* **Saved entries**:
+++

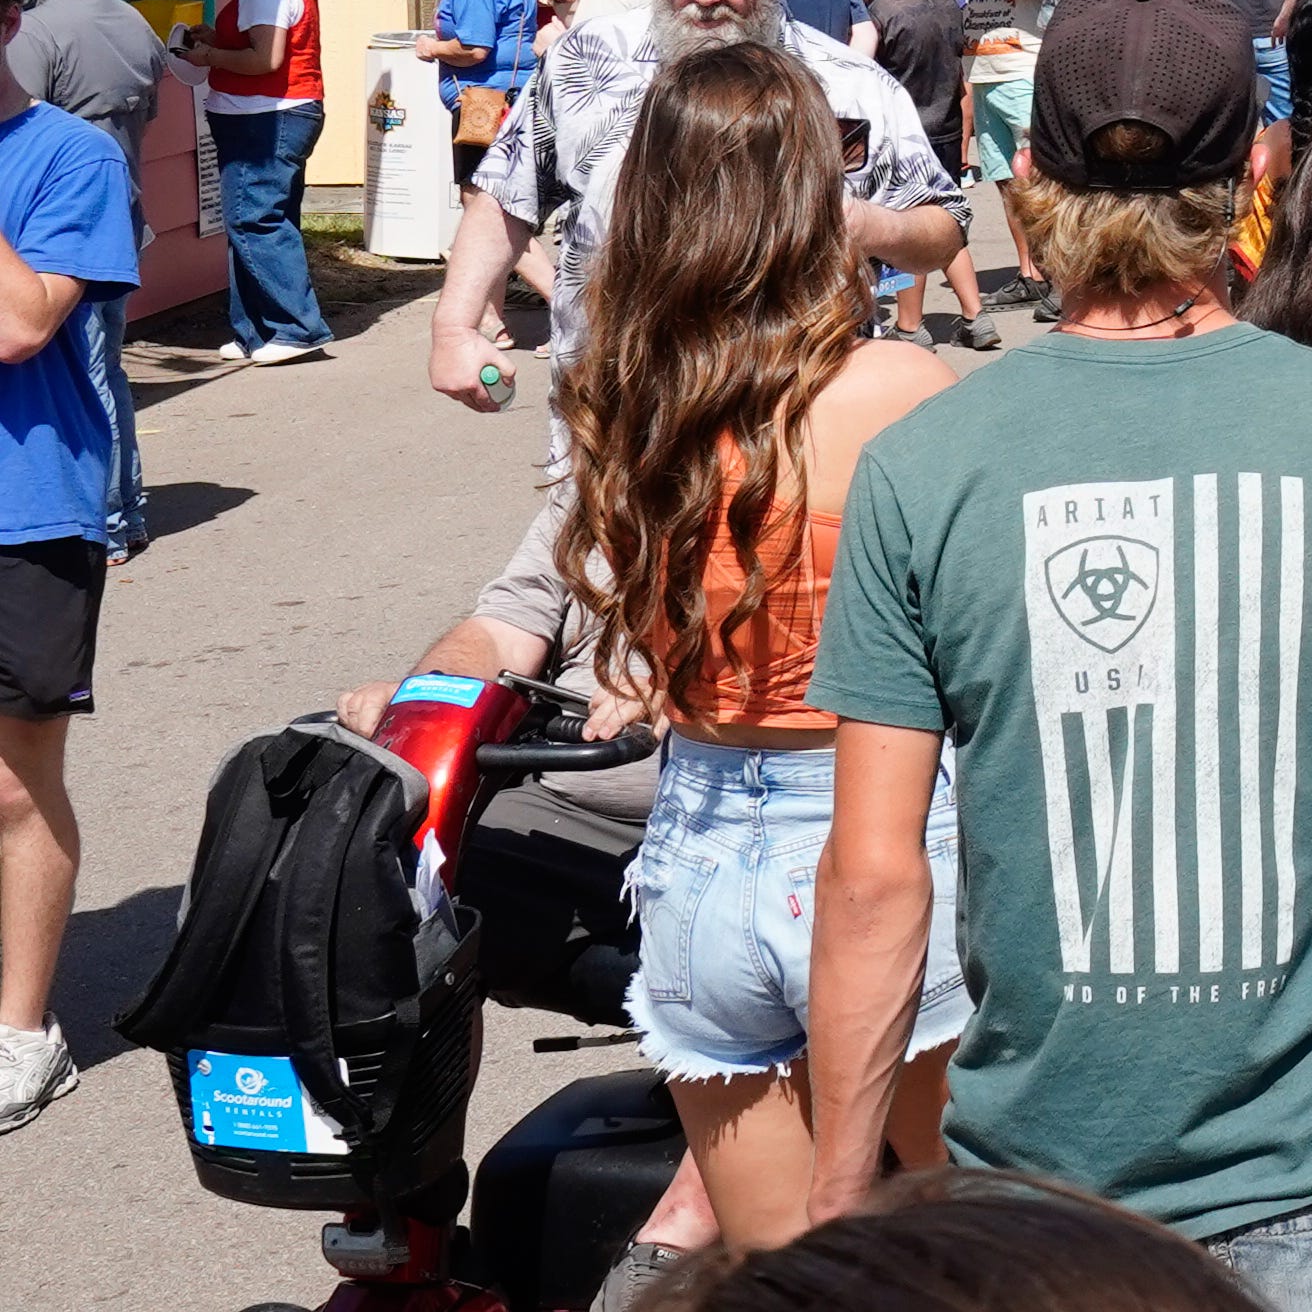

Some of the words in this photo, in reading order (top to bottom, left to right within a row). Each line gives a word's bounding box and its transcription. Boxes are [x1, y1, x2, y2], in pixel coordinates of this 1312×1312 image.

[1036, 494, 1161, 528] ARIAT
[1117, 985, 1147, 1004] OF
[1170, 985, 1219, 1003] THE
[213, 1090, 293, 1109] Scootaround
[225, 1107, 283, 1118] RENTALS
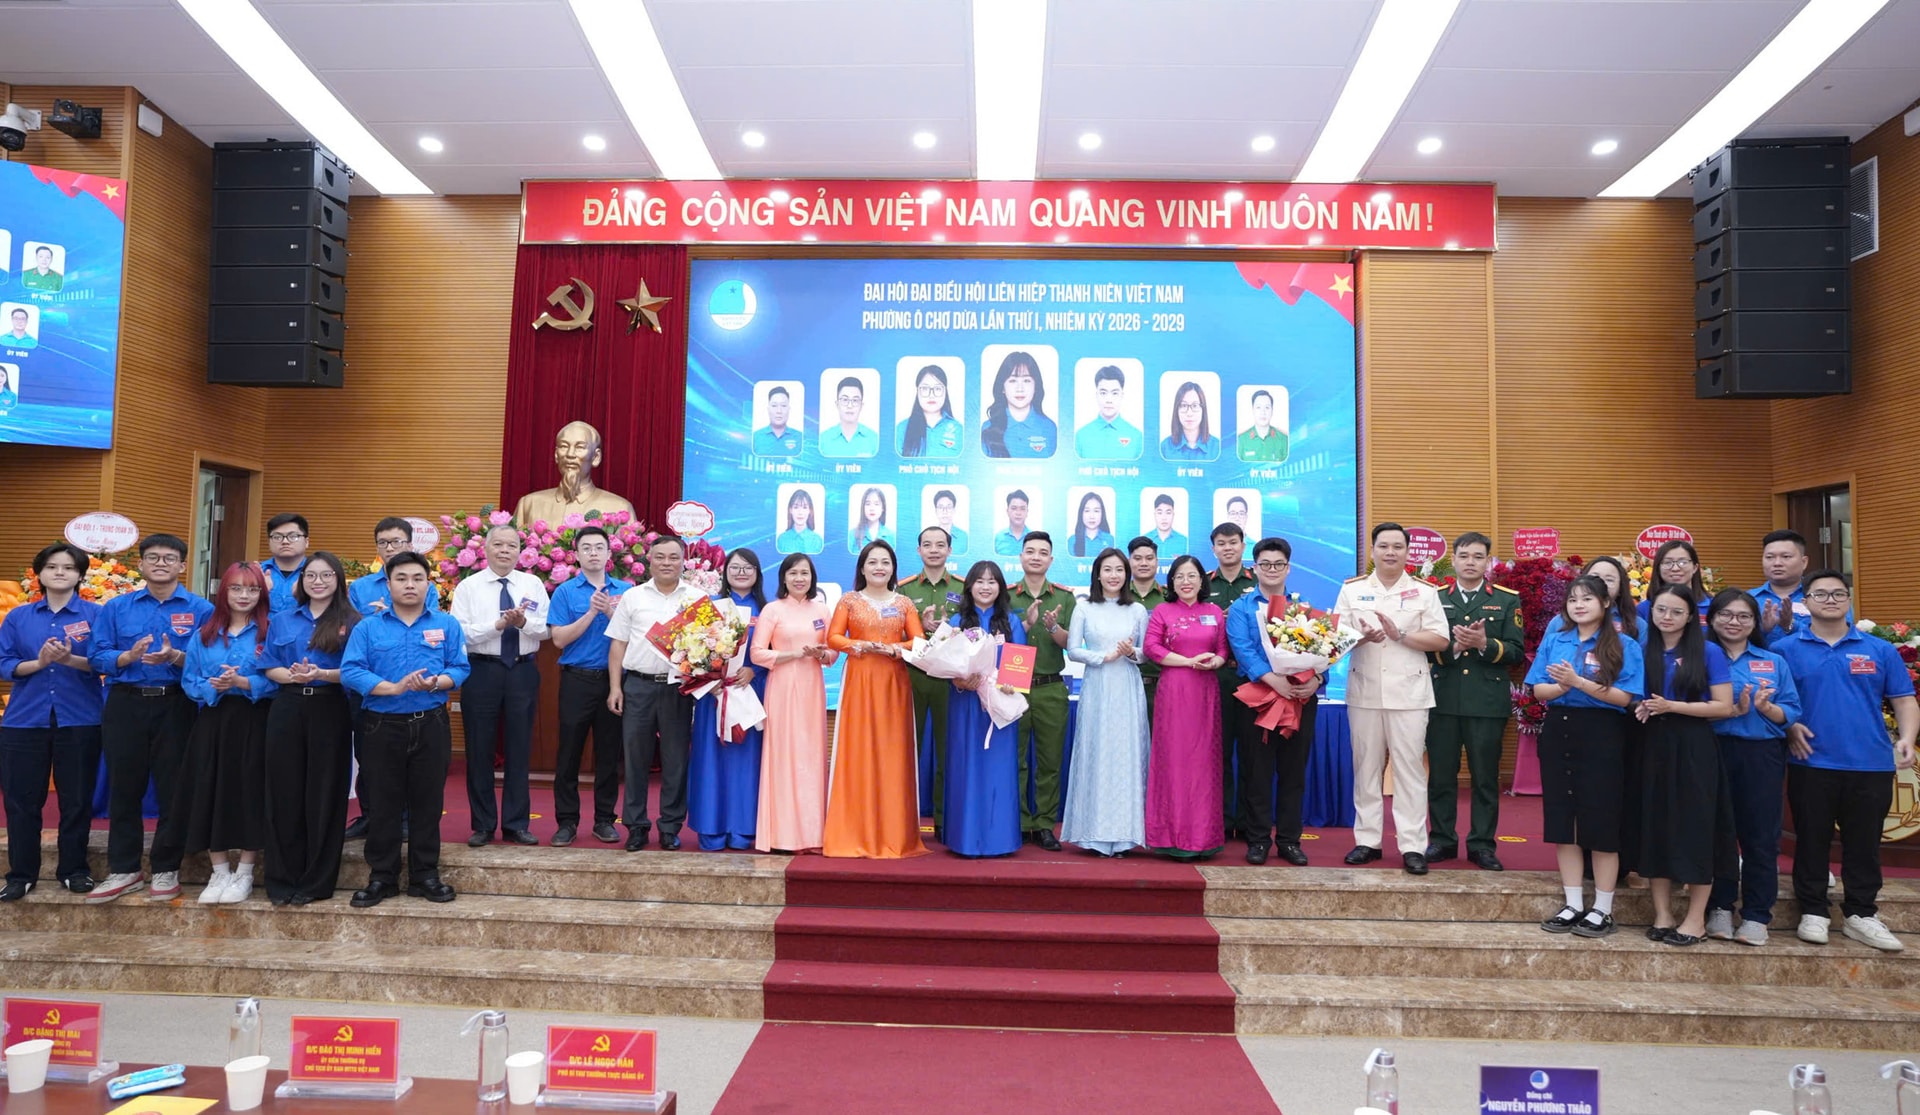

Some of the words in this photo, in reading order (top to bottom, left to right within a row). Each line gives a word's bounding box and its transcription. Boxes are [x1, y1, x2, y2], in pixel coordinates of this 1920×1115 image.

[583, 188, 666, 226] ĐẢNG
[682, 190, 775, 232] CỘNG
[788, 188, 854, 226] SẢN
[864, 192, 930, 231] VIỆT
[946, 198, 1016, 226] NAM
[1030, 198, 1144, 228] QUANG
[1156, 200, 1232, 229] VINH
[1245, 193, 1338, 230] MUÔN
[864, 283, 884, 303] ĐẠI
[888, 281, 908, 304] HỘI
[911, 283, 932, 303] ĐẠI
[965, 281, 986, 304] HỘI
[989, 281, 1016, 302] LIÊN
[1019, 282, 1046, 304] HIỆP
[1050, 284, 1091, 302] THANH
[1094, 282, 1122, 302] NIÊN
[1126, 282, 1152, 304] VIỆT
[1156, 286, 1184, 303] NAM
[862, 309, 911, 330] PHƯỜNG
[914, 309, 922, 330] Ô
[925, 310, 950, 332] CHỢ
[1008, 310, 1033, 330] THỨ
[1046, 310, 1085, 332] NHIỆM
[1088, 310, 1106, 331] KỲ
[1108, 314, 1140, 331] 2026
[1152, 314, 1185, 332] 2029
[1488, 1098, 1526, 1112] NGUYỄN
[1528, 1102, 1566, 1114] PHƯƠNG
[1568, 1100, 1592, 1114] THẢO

+++

* **What the task requires**: Retype every entry above exactly and, please, skip the pictures.

* **Exercise answer**:
Some of the words in this photo, in reading order (top to bottom, left to right within a row). Each line gives a word's bounding box and its transcription. Boxes are [x1, y1, x2, y2], in pixel coordinates of this 1312×1312 image.

[1036, 494, 1161, 528] ARIAT
[1117, 985, 1147, 1004] OF
[1170, 985, 1219, 1003] THE
[213, 1090, 293, 1109] Scootaround
[225, 1107, 283, 1118] RENTALS

Some of the words in this photo, in reading order (top to bottom, left to right within a row). Each line gives a word's bounding box and its transcription. Boxes are [x1, y1, x2, y2], in pixel coordinates of this 1920×1115 image.

[583, 188, 666, 226] ĐẢNG
[682, 190, 775, 232] CỘNG
[788, 188, 854, 226] SẢN
[864, 192, 930, 231] VIỆT
[946, 198, 1016, 226] NAM
[1030, 198, 1144, 228] QUANG
[1156, 200, 1232, 229] VINH
[1245, 193, 1338, 230] MUÔN
[864, 283, 884, 303] ĐẠI
[888, 281, 908, 304] HỘI
[911, 283, 932, 303] ĐẠI
[965, 281, 986, 304] HỘI
[989, 281, 1016, 302] LIÊN
[1019, 282, 1046, 304] HIỆP
[1050, 284, 1091, 302] THANH
[1094, 282, 1122, 302] NIÊN
[1126, 282, 1152, 304] VIỆT
[1156, 286, 1184, 303] NAM
[862, 309, 911, 330] PHƯỜNG
[914, 309, 922, 330] Ô
[925, 310, 950, 332] CHỢ
[1008, 310, 1033, 330] THỨ
[1046, 310, 1085, 332] NHIỆM
[1088, 310, 1106, 331] KỲ
[1108, 314, 1140, 331] 2026
[1152, 314, 1185, 332] 2029
[1488, 1098, 1526, 1112] NGUYỄN
[1528, 1102, 1566, 1114] PHƯƠNG
[1568, 1100, 1592, 1114] THẢO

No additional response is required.